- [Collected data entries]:

-*-

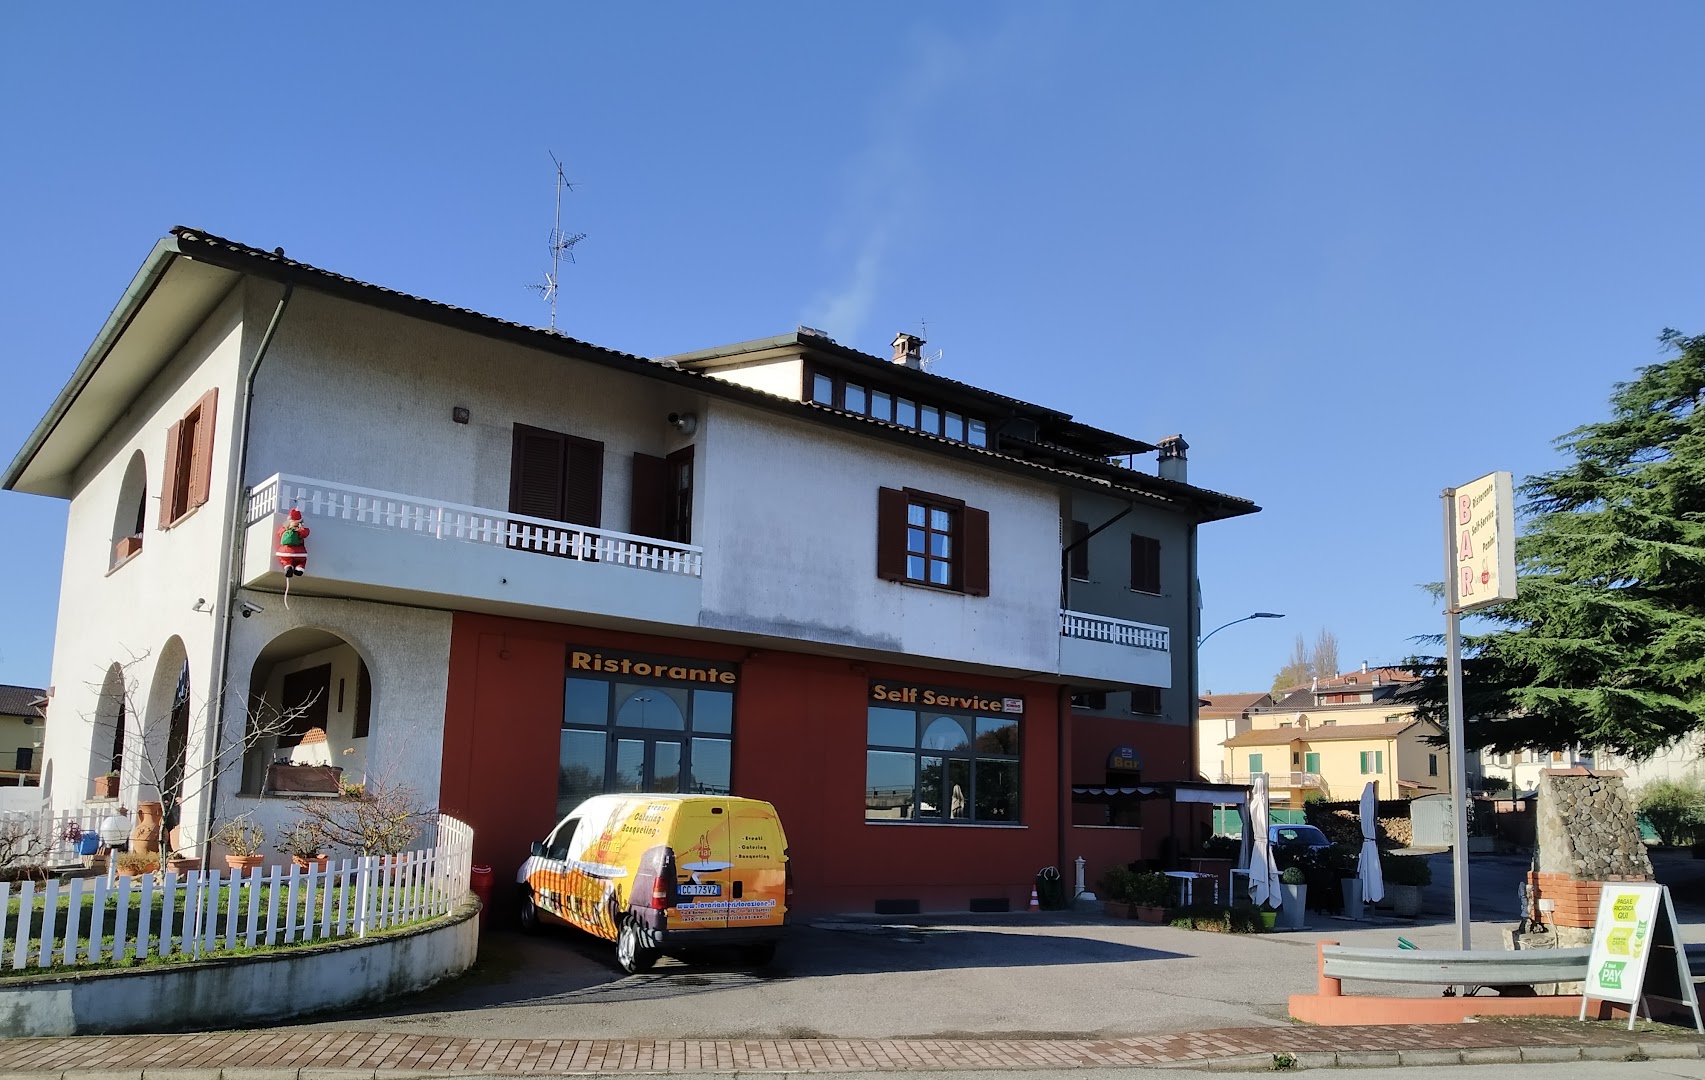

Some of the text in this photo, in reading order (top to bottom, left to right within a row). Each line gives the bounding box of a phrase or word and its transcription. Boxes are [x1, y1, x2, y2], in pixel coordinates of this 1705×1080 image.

[1472, 483, 1493, 509] Ristorante
[1458, 494, 1474, 597] BAR
[1482, 533, 1495, 552] Panini
[571, 651, 736, 684] Ristorante
[873, 684, 1002, 712] Self Service
[1114, 756, 1139, 768] Bar
[682, 885, 692, 894] CC
[1601, 969, 1622, 982] PAY

-*-

- [EXERCISE INSTRUCTIONS]:
Write the records out again verbatim and omit the pictures they contain.

- [YOUR RESPONSE]:
Some of the text in this photo, in reading order (top to bottom, left to right within a row). Each line gives the bounding box of a phrase or word and its transcription. Boxes are [x1, y1, x2, y2], in pixel coordinates of this 1705×1080 image.

[1472, 483, 1493, 509] Ristorante
[1458, 494, 1474, 597] BAR
[1482, 533, 1495, 552] Panini
[571, 651, 736, 684] Ristorante
[873, 684, 1002, 712] Self Service
[1114, 756, 1139, 768] Bar
[682, 885, 692, 894] CC
[1601, 969, 1622, 982] PAY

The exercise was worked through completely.